病床を効率良く使う~ベッドコントロール~(1)
患者さんが入院するベッドを用意する
A:ではどうやって、患者さんに回復の段階に応じた適切な病床を使ってもらうように運用しているんですか?
T:患者さんに説明して納得してもらったうえで、回復段階に合った病床・病院に移ってもらうことになります。日々変化する患者さんの回復状況を、病棟の看護師長さんが把握し、主治医と相談しながら調整を進めるのです。
B:医師が入院を指示したら、当たり前に入院できるものだと思ってしまいがちですが、その裏では看護師長さんたちが奮闘してくださっていたんですね。

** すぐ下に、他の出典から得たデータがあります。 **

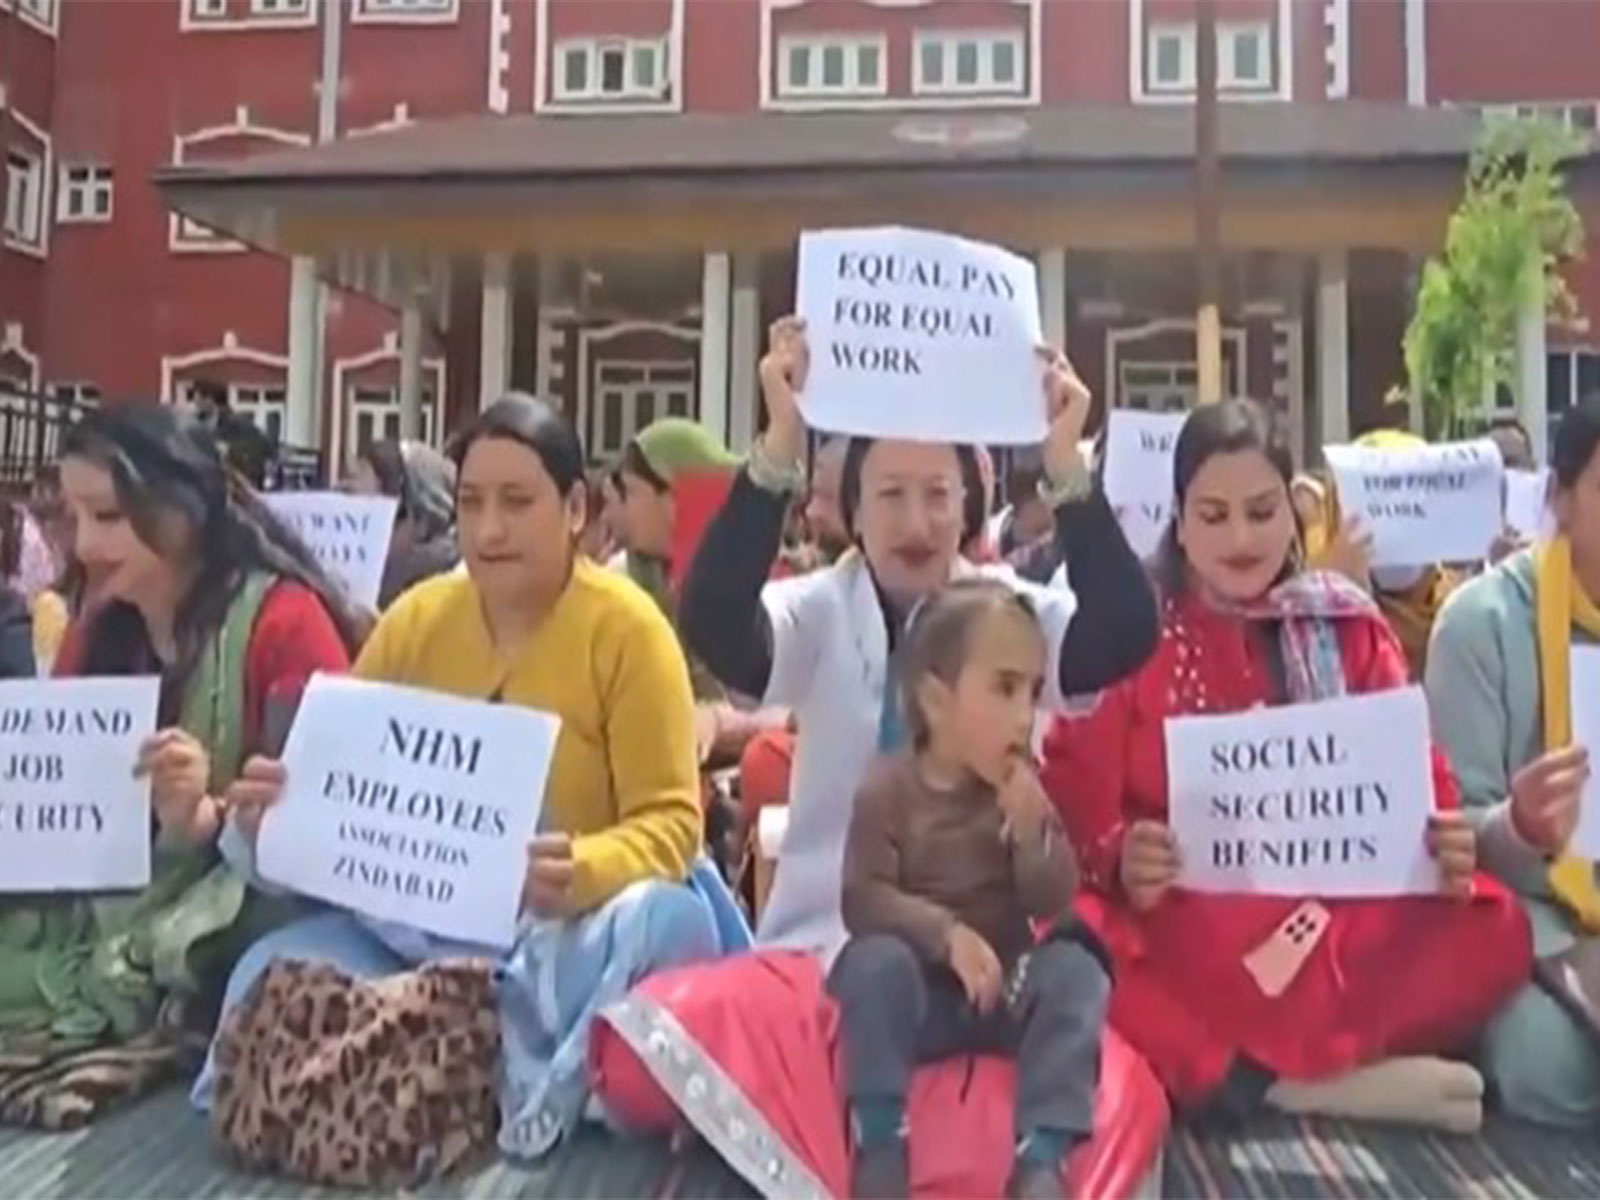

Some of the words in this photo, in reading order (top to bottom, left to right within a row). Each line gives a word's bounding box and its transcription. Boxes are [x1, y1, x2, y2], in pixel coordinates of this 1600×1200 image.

[837, 252, 950, 289] EQUAL
[961, 263, 1018, 300] PAY
[834, 298, 892, 328] FOR
[901, 303, 1000, 338] EQUAL
[830, 341, 923, 376] WORK
[0, 707, 133, 735] DEMAND
[381, 716, 483, 775] NHM
[1210, 733, 1348, 774] SOCIAL
[3, 753, 65, 782] JOB
[0, 802, 107, 832] URITY
[321, 769, 508, 837] EMPLOYEES
[1210, 781, 1392, 821] SECURITY
[336, 822, 471, 867] ASSOCIATION
[1212, 836, 1378, 868] BENIFITS
[332, 855, 456, 904] ZINDABAD

T:はい。こうした調整を多くの病院ではベッドコントロールと呼んでいます。
病床も「回転率」が大事
B:では、いつでも入院を受け入れるためには、常に病棟に空き病床をキープしておけば良いということですか?
T:そうですね。ただ、多くの空き病床をキープするには、必要以上のスタッフを確保しなければなりません。

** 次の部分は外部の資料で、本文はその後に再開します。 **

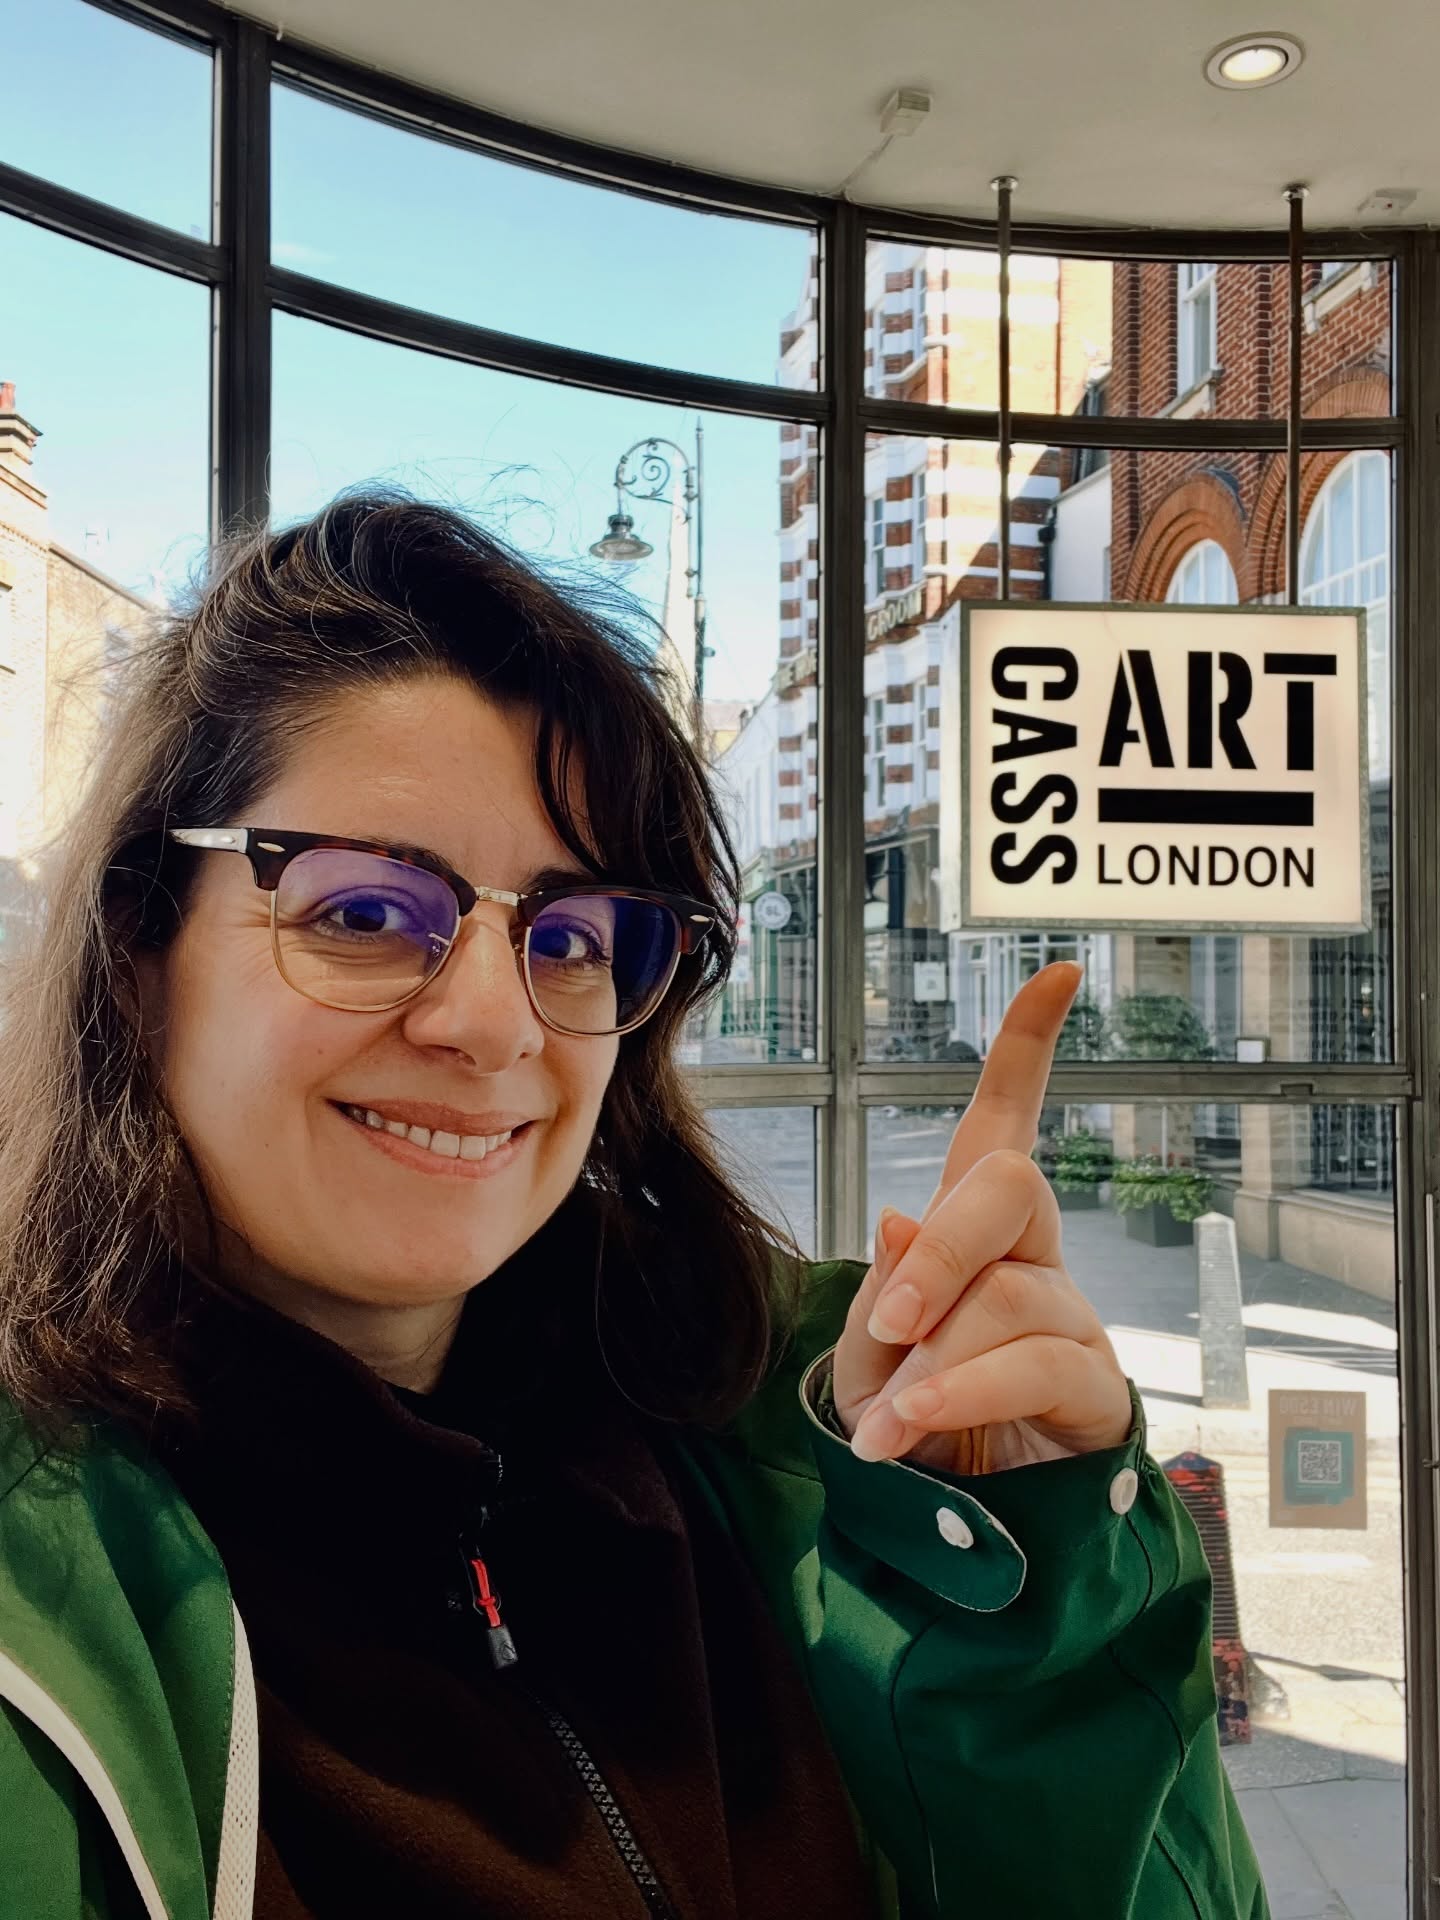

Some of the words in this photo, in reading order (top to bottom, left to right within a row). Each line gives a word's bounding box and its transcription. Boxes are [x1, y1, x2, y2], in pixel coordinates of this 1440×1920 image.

[867, 589, 921, 641] GROOM
[1098, 649, 1337, 771] ART
[991, 646, 1079, 884] CASS
[1098, 844, 1314, 888] LONDON

A:つまり、そのスタッフの人件費もかかってしまう…ということですね。
T:はい。もちろん、病床の想定稼働率や、雇用しているスタッフ数にもよりますが、多くの医療機関では病床稼働率*を8~9割として採算を合わせる想定をしています。ですから、あまり多くの病床を空けておくわけにもいきません。
患者さんの早期離床・早期退院(転棟)を促し、在院日数を必要以上に長びかせず、スムーズに新しい患者さんを受け入れる、つまりベッドの回転率を上げていくことは、患者さんのADLの低下を防ぎ早い回復を促すことはもちろん、病院経営にもプラスに働くようになっているのです。
*病床稼働率…運用病床数のうち実際に使用していた病床がどのくらいかという割合。